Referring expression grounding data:
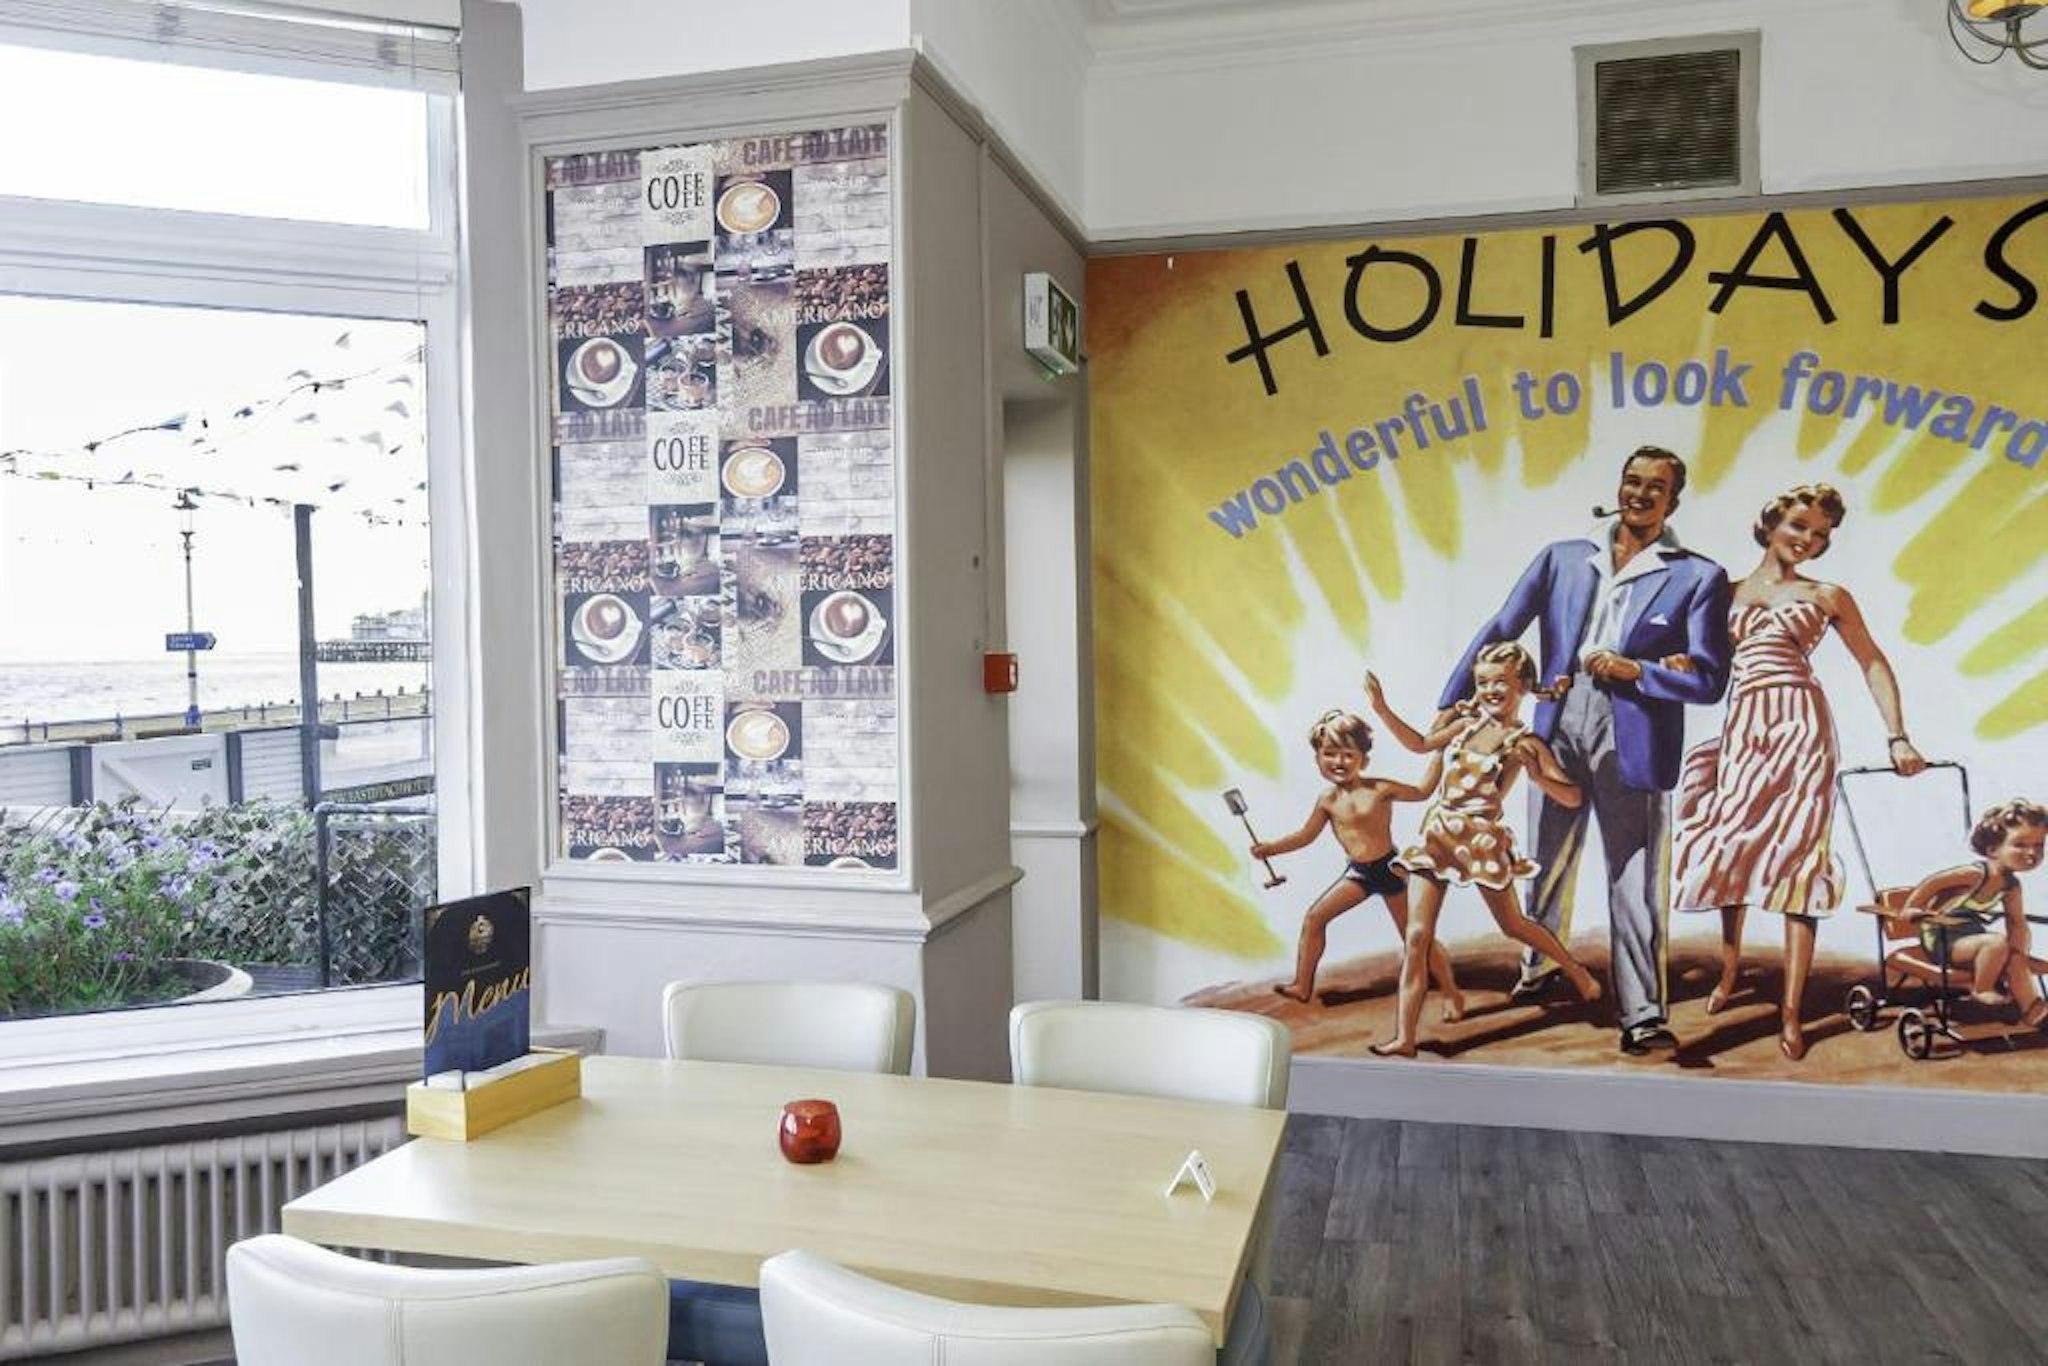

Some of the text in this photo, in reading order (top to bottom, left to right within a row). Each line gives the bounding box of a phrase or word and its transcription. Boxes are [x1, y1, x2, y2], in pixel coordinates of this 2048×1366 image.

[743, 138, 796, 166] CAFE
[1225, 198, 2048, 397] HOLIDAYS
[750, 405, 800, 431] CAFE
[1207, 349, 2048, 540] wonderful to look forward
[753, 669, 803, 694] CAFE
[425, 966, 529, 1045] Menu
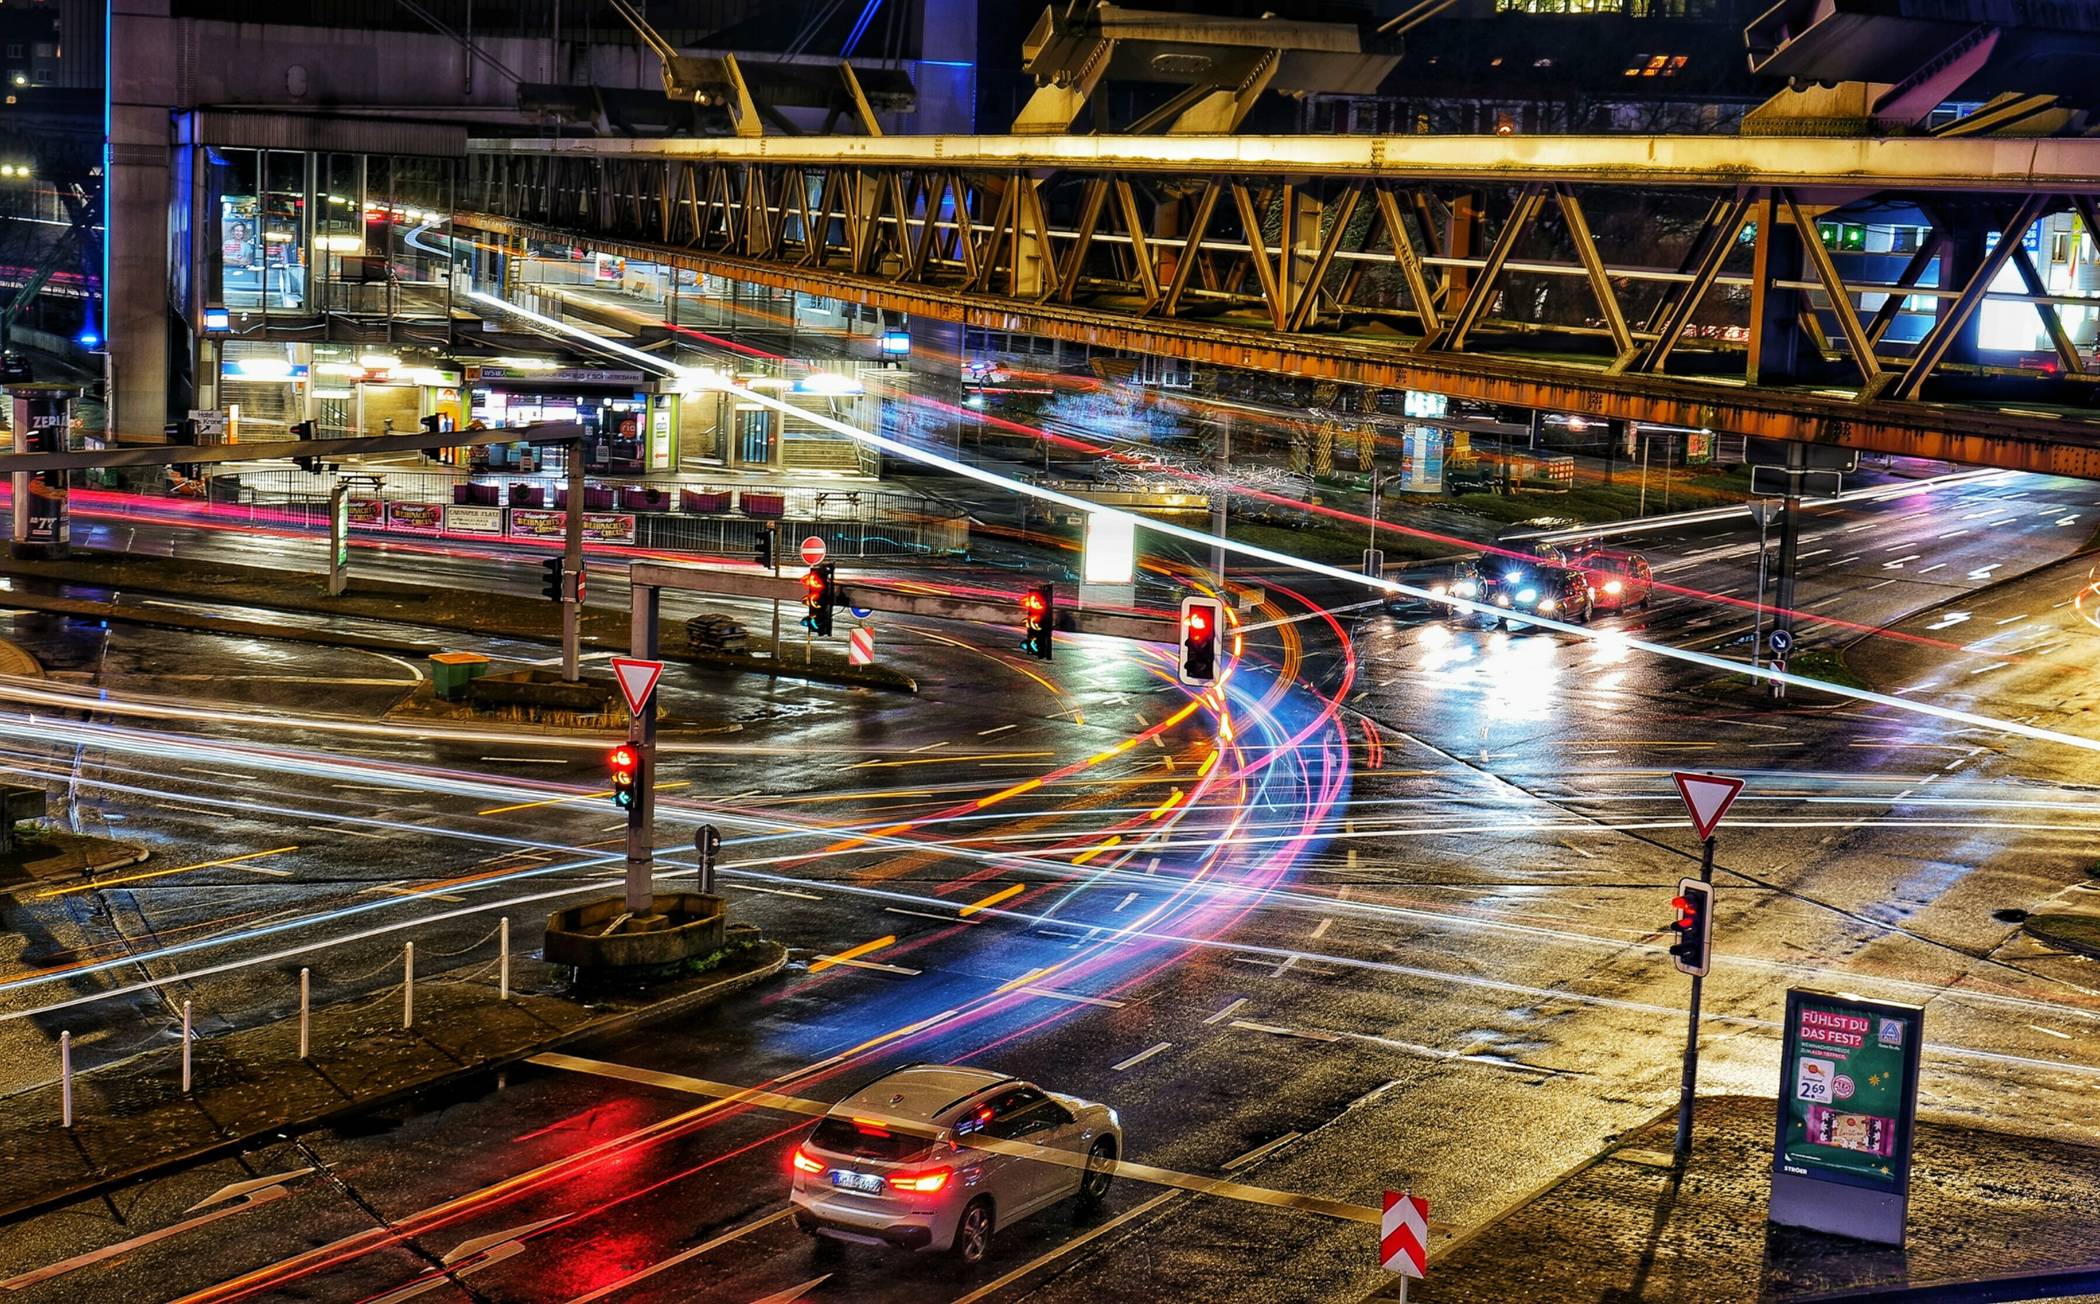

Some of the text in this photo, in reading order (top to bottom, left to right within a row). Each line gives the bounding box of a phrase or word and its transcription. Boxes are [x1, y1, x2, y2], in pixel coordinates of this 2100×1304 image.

= WHAT YOU HAVE TO DO =
Transcribe the entries above word for word, but leave every picture out of your copy.

= ANSWER SPACE =
Some of the text in this photo, in reading order (top to bottom, left to right within a row). Each line gives the bounding box of a phrase or word and its transcription. Boxes are [x1, y1, x2, y2], in pixel coordinates of this 2048×1366 image.

[743, 138, 796, 166] CAFE
[1225, 198, 2048, 397] HOLIDAYS
[750, 405, 800, 431] CAFE
[1207, 349, 2048, 540] wonderful to look forward
[753, 669, 803, 694] CAFE
[425, 966, 529, 1045] Menu

Some of the text in this photo, in reading order (top to bottom, left to right within a row). Each line gives the bounding box of a phrase or word and its transcription. Boxes are [x1, y1, x2, y2], in pixel coordinates of this 2100×1304 image.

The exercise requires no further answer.